Would you please repeat the data that follows, exactly as it reads?

-*-

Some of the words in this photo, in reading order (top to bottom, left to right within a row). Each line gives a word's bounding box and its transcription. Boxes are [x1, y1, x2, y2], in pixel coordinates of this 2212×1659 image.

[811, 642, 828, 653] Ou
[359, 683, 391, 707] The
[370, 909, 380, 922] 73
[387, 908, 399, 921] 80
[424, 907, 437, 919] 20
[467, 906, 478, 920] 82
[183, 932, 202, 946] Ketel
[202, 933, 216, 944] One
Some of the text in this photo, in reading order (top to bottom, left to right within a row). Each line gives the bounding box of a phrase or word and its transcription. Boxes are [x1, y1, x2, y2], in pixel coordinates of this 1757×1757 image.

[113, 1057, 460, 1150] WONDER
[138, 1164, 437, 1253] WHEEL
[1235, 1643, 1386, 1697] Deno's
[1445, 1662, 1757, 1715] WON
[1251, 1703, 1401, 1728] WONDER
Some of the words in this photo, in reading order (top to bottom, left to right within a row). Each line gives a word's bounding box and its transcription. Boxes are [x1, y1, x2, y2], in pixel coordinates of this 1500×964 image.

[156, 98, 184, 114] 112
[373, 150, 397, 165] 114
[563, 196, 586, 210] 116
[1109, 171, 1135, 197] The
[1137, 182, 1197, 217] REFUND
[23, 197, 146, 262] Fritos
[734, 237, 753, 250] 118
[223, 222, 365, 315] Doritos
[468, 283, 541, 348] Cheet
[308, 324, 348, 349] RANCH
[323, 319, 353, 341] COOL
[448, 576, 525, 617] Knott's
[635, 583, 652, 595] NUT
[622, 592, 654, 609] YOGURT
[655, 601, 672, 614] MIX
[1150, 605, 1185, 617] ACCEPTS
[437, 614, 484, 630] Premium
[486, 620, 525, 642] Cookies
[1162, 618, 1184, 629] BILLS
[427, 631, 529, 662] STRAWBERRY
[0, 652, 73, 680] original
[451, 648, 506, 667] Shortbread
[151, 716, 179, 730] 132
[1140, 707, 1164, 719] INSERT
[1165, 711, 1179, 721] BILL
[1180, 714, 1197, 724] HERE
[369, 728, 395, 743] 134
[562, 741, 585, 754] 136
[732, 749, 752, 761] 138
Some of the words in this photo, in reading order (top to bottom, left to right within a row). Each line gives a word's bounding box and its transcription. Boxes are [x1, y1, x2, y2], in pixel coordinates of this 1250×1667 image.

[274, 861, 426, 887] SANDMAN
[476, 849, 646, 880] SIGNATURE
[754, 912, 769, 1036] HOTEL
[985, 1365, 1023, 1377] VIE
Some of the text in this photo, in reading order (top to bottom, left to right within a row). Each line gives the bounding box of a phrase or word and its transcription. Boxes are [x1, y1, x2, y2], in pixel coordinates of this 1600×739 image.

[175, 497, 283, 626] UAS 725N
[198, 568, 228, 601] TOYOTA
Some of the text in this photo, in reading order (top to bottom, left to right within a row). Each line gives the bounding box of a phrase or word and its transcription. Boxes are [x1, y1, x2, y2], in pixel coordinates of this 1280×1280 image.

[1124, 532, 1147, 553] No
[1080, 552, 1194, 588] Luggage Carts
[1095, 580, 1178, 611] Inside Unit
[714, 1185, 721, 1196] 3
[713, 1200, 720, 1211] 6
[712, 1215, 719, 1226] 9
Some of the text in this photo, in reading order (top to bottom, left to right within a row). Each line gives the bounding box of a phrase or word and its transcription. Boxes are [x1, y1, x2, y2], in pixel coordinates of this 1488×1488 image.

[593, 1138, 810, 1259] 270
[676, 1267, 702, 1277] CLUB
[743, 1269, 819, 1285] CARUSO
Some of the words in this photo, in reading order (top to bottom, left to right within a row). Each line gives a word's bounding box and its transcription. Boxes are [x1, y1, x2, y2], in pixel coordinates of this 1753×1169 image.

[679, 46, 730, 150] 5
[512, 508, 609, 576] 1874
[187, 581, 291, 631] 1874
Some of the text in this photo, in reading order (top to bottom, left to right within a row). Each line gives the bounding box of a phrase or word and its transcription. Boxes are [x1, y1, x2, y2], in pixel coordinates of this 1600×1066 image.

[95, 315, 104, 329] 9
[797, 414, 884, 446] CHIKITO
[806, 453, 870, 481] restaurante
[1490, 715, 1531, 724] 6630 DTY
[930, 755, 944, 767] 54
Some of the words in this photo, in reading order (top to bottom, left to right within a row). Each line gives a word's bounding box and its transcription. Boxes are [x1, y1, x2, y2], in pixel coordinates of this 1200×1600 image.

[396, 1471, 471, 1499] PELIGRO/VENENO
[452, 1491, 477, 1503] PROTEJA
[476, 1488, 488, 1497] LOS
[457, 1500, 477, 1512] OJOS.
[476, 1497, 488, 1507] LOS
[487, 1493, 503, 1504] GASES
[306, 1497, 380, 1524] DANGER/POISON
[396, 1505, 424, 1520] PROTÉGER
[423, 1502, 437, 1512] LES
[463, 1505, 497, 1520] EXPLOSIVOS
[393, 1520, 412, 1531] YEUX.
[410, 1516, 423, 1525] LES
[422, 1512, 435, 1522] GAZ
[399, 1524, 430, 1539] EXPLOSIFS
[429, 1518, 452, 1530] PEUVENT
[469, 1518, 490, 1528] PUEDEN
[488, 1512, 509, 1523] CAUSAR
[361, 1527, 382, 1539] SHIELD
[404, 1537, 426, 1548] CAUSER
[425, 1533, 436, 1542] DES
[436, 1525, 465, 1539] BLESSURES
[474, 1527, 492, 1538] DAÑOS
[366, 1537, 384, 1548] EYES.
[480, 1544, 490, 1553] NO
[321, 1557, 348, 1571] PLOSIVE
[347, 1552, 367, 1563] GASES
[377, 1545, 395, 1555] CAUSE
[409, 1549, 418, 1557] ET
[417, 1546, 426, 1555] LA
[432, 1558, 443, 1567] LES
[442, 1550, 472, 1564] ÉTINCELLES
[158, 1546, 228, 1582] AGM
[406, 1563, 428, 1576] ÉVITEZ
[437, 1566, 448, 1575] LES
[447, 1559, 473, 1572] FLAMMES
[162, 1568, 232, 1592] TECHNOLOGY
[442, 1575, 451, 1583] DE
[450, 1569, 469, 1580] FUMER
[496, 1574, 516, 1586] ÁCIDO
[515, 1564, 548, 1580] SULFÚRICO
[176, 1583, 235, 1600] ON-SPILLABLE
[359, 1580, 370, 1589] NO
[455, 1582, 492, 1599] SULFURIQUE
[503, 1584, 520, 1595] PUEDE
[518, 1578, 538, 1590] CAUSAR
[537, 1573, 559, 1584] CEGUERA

-*-

**Exercise result**
Some of the words in this photo, in reading order (top to bottom, left to right within a row). Each line gives a word's bounding box and its transcription. Boxes are [x1, y1, x2, y2], in pixel coordinates of this 2212×1659 image.

[811, 642, 828, 653] Ou
[359, 683, 391, 707] The
[370, 909, 380, 922] 73
[387, 908, 399, 921] 80
[424, 907, 437, 919] 20
[467, 906, 478, 920] 82
[183, 932, 202, 946] Ketel
[202, 933, 216, 944] One
Some of the text in this photo, in reading order (top to bottom, left to right within a row). Each line gives the bounding box of a phrase or word and its transcription. Boxes are [x1, y1, x2, y2], in pixel coordinates of this 1757×1757 image.

[113, 1057, 460, 1150] WONDER
[138, 1164, 437, 1253] WHEEL
[1235, 1643, 1386, 1697] Deno's
[1445, 1662, 1757, 1715] WON
[1251, 1703, 1401, 1728] WONDER
Some of the words in this photo, in reading order (top to bottom, left to right within a row). Each line gives a word's bounding box and its transcription. Boxes are [x1, y1, x2, y2], in pixel coordinates of this 1500×964 image.

[156, 98, 184, 114] 112
[373, 150, 397, 165] 114
[563, 196, 586, 210] 116
[1109, 171, 1135, 197] The
[1137, 182, 1197, 217] REFUND
[23, 197, 146, 262] Fritos
[734, 237, 753, 250] 118
[223, 222, 365, 315] Doritos
[468, 283, 541, 348] Cheet
[308, 324, 348, 349] RANCH
[323, 319, 353, 341] COOL
[448, 576, 525, 617] Knott's
[635, 583, 652, 595] NUT
[622, 592, 654, 609] YOGURT
[655, 601, 672, 614] MIX
[1150, 605, 1185, 617] ACCEPTS
[437, 614, 484, 630] Premium
[486, 620, 525, 642] Cookies
[1162, 618, 1184, 629] BILLS
[427, 631, 529, 662] STRAWBERRY
[0, 652, 73, 680] original
[451, 648, 506, 667] Shortbread
[151, 716, 179, 730] 132
[1140, 707, 1164, 719] INSERT
[1165, 711, 1179, 721] BILL
[1180, 714, 1197, 724] HERE
[369, 728, 395, 743] 134
[562, 741, 585, 754] 136
[732, 749, 752, 761] 138
Some of the words in this photo, in reading order (top to bottom, left to right within a row). Each line gives a word's bounding box and its transcription. Boxes are [x1, y1, x2, y2], in pixel coordinates of this 1250×1667 image.

[274, 861, 426, 887] SANDMAN
[476, 849, 646, 880] SIGNATURE
[754, 912, 769, 1036] HOTEL
[985, 1365, 1023, 1377] VIE
Some of the text in this photo, in reading order (top to bottom, left to right within a row). Each line gives the bounding box of a phrase or word and its transcription. Boxes are [x1, y1, x2, y2], in pixel coordinates of this 1600×739 image.

[175, 497, 283, 626] UAS 725N
[198, 568, 228, 601] TOYOTA
Some of the text in this photo, in reading order (top to bottom, left to right within a row). Each line gives the bounding box of a phrase or word and its transcription. Boxes are [x1, y1, x2, y2], in pixel coordinates of this 1280×1280 image.

[1124, 532, 1147, 553] No
[1080, 552, 1194, 588] Luggage Carts
[1095, 580, 1178, 611] Inside Unit
[714, 1185, 721, 1196] 3
[713, 1200, 720, 1211] 6
[712, 1215, 719, 1226] 9
Some of the text in this photo, in reading order (top to bottom, left to right within a row). Each line gives the bounding box of a phrase or word and its transcription. Boxes are [x1, y1, x2, y2], in pixel coordinates of this 1488×1488 image.

[593, 1138, 810, 1259] 270
[676, 1267, 702, 1277] CLUB
[743, 1269, 819, 1285] CARUSO
Some of the words in this photo, in reading order (top to bottom, left to right within a row). Each line gives a word's bounding box and its transcription. Boxes are [x1, y1, x2, y2], in pixel coordinates of this 1753×1169 image.

[679, 46, 730, 150] 5
[512, 508, 609, 576] 1874
[187, 581, 291, 631] 1874
Some of the text in this photo, in reading order (top to bottom, left to right within a row). Each line gives the bounding box of a phrase or word and its transcription. Boxes are [x1, y1, x2, y2], in pixel coordinates of this 1600×1066 image.

[95, 315, 104, 329] 9
[797, 414, 884, 446] CHIKITO
[806, 453, 870, 481] restaurante
[1490, 715, 1531, 724] 6630 DTY
[930, 755, 944, 767] 54
Some of the words in this photo, in reading order (top to bottom, left to right within a row). Each line gives a word's bounding box and its transcription. Boxes are [x1, y1, x2, y2], in pixel coordinates of this 1200×1600 image.

[396, 1471, 471, 1499] PELIGRO/VENENO
[452, 1491, 477, 1503] PROTEJA
[476, 1488, 488, 1497] LOS
[457, 1500, 477, 1512] OJOS.
[476, 1497, 488, 1507] LOS
[487, 1493, 503, 1504] GASES
[306, 1497, 380, 1524] DANGER/POISON
[396, 1505, 424, 1520] PROTÉGER
[423, 1502, 437, 1512] LES
[463, 1505, 497, 1520] EXPLOSIVOS
[393, 1520, 412, 1531] YEUX.
[410, 1516, 423, 1525] LES
[422, 1512, 435, 1522] GAZ
[399, 1524, 430, 1539] EXPLOSIFS
[429, 1518, 452, 1530] PEUVENT
[469, 1518, 490, 1528] PUEDEN
[488, 1512, 509, 1523] CAUSAR
[361, 1527, 382, 1539] SHIELD
[404, 1537, 426, 1548] CAUSER
[425, 1533, 436, 1542] DES
[436, 1525, 465, 1539] BLESSURES
[474, 1527, 492, 1538] DAÑOS
[366, 1537, 384, 1548] EYES.
[480, 1544, 490, 1553] NO
[321, 1557, 348, 1571] PLOSIVE
[347, 1552, 367, 1563] GASES
[377, 1545, 395, 1555] CAUSE
[409, 1549, 418, 1557] ET
[417, 1546, 426, 1555] LA
[432, 1558, 443, 1567] LES
[442, 1550, 472, 1564] ÉTINCELLES
[158, 1546, 228, 1582] AGM
[406, 1563, 428, 1576] ÉVITEZ
[437, 1566, 448, 1575] LES
[447, 1559, 473, 1572] FLAMMES
[162, 1568, 232, 1592] TECHNOLOGY
[442, 1575, 451, 1583] DE
[450, 1569, 469, 1580] FUMER
[496, 1574, 516, 1586] ÁCIDO
[515, 1564, 548, 1580] SULFÚRICO
[176, 1583, 235, 1600] ON-SPILLABLE
[359, 1580, 370, 1589] NO
[455, 1582, 492, 1599] SULFURIQUE
[503, 1584, 520, 1595] PUEDE
[518, 1578, 538, 1590] CAUSAR
[537, 1573, 559, 1584] CEGUERA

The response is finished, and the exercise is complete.